Exercise. No pictures in the copy, please: retype all the records exactly.

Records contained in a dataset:
☆ ☆ ☆ ☆ ☆ ☆ ☆

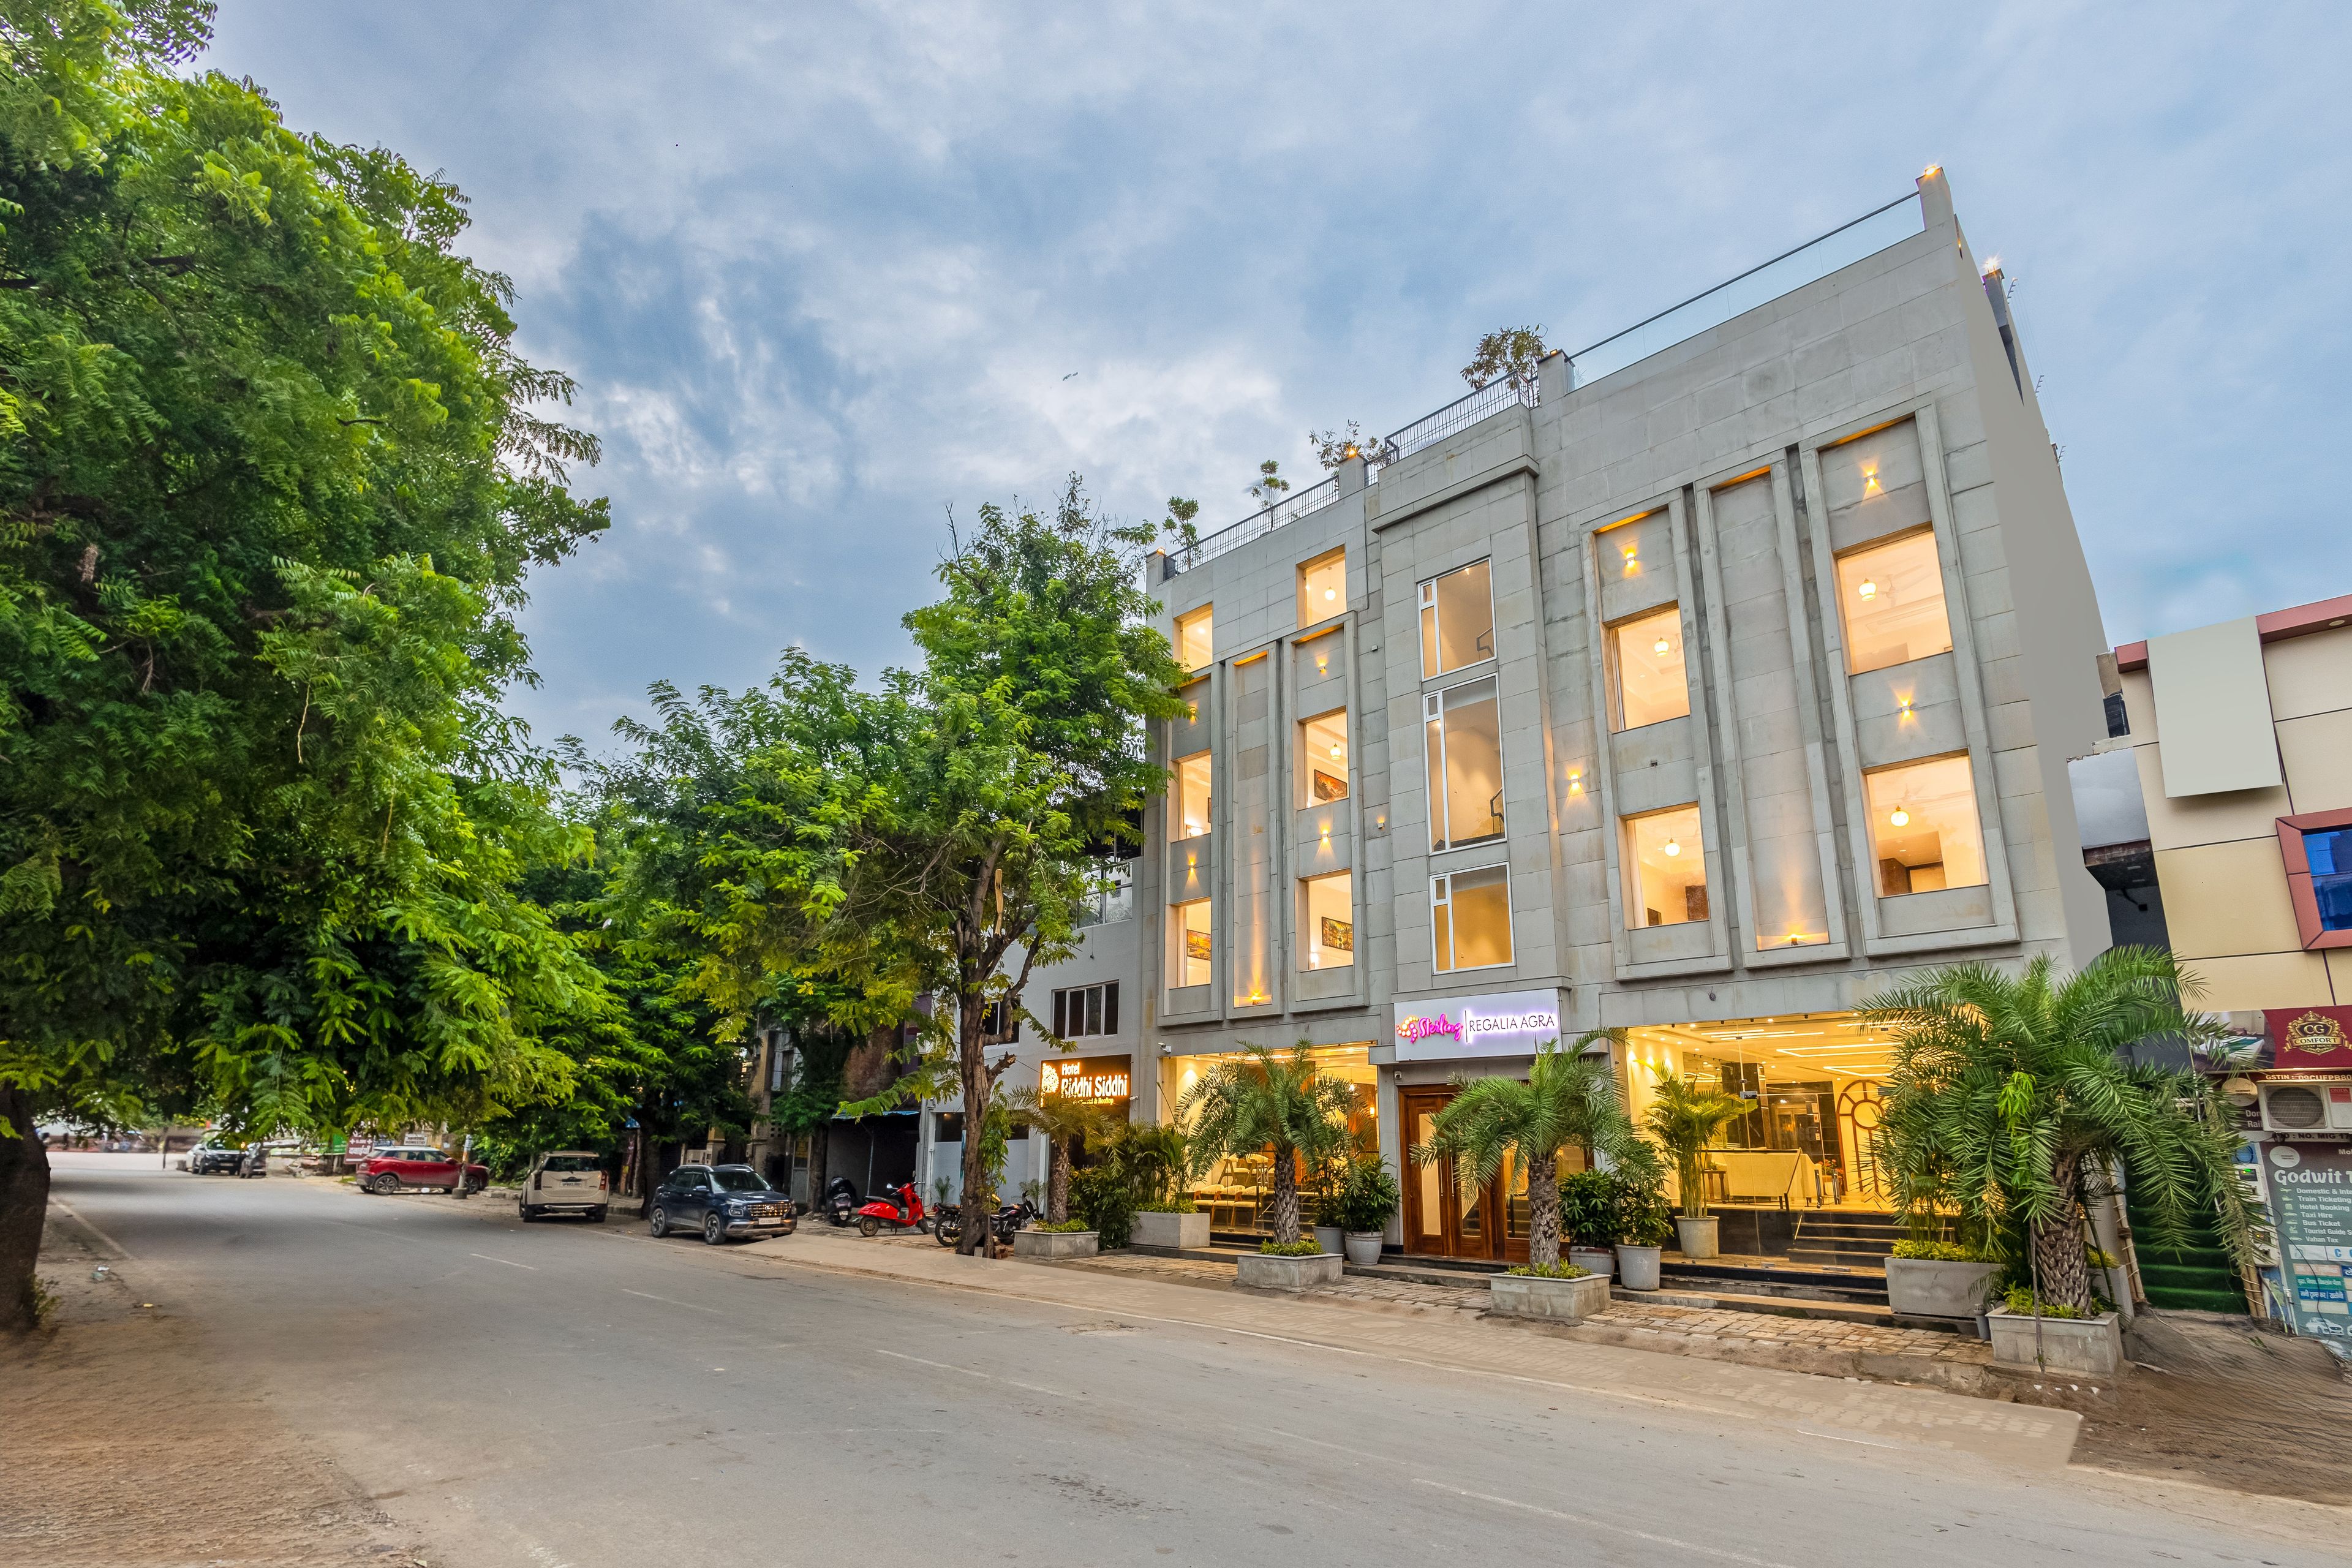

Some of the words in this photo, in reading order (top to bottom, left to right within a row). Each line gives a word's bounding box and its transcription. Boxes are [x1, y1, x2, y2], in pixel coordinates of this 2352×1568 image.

[1419, 1012, 1463, 1041] Sterling
[1469, 1017, 1518, 1032] REGALIA
[1520, 1014, 1555, 1029] AGRA
[2304, 1025, 2324, 1034] CG
[1061, 1062, 1080, 1076] Hotel
[1061, 1076, 1093, 1098] Riddhi
[1095, 1074, 1128, 1097] Siddhi
[2274, 1168, 2342, 1186] Godwit

☆ ☆ ☆ ☆ ☆ ☆ ☆

Solution.
Some of the words in this photo, in reading order (top to bottom, left to right within a row). Each line gives a word's bounding box and its transcription. Boxes are [x1, y1, x2, y2], in pixel coordinates of this 2352×1568 image.

[1419, 1012, 1463, 1041] Sterling
[1469, 1017, 1518, 1032] REGALIA
[1520, 1014, 1555, 1029] AGRA
[2304, 1025, 2324, 1034] CG
[1061, 1062, 1080, 1076] Hotel
[1061, 1076, 1093, 1098] Riddhi
[1095, 1074, 1128, 1097] Siddhi
[2274, 1168, 2342, 1186] Godwit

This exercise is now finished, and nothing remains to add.